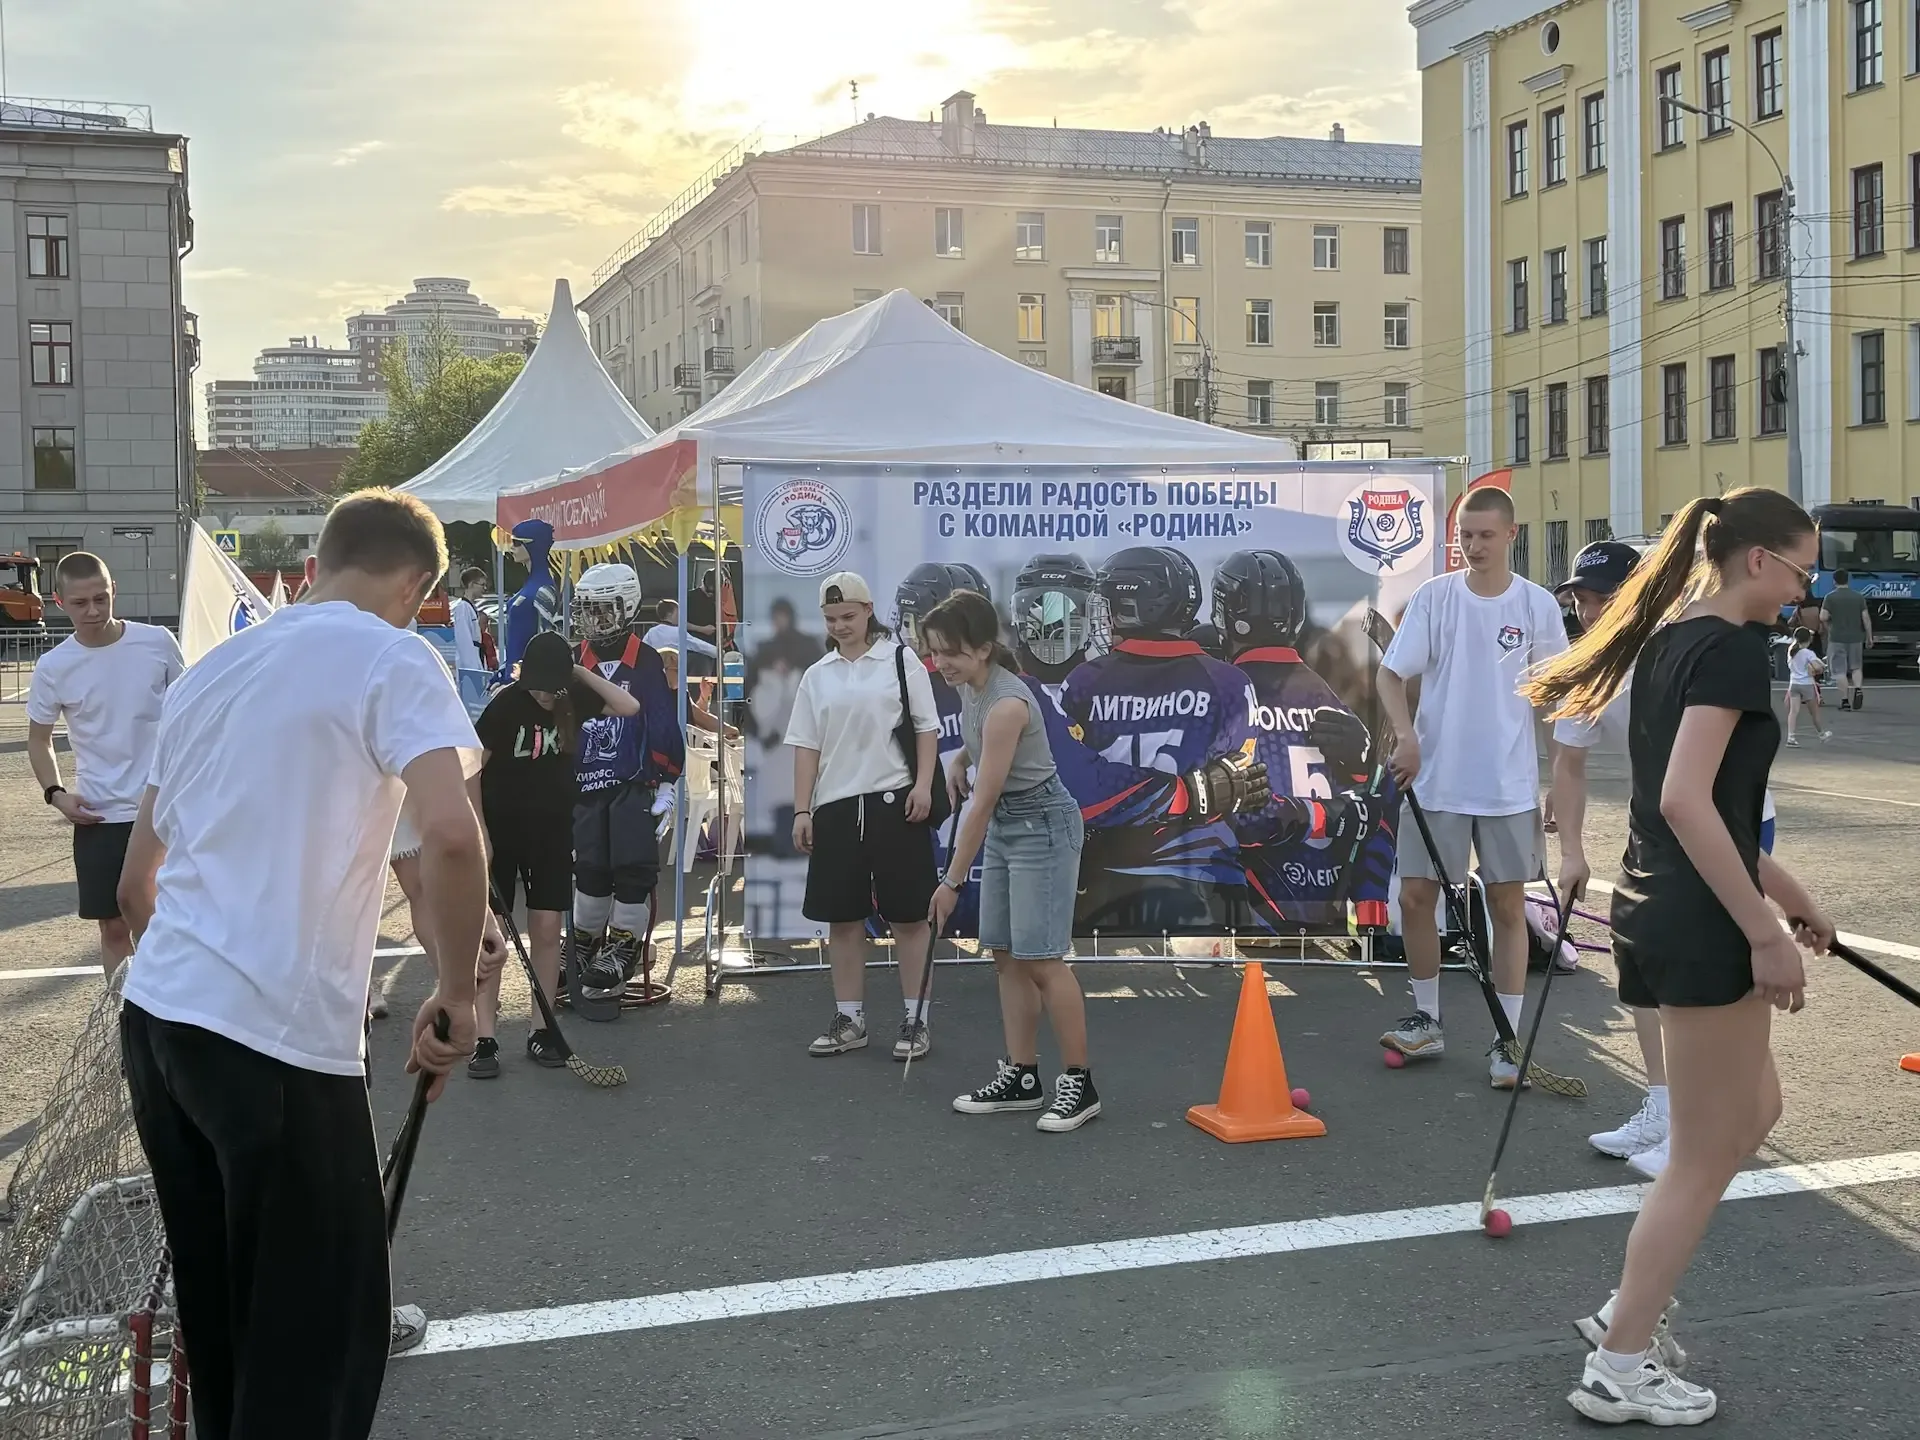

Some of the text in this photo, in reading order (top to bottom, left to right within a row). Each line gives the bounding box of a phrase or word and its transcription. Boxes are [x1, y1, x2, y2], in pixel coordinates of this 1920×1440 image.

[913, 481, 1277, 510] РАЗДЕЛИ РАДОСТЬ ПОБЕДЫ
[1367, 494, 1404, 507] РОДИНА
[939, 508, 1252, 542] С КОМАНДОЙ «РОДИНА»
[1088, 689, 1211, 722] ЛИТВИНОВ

WORK REQUIRED —
Each entry above must be restated word for word; the pictures stay out of the copy.

EXERCISE RESPONSE —
Some of the text in this photo, in reading order (top to bottom, left to right within a row). Each line gives the bounding box of a phrase or word and its transcription. Boxes are [x1, y1, x2, y2], in pixel coordinates of this 1920×1440 image.

[913, 481, 1277, 510] РАЗДЕЛИ РАДОСТЬ ПОБЕДЫ
[1367, 494, 1404, 507] РОДИНА
[939, 508, 1252, 542] С КОМАНДОЙ «РОДИНА»
[1088, 689, 1211, 722] ЛИТВИНОВ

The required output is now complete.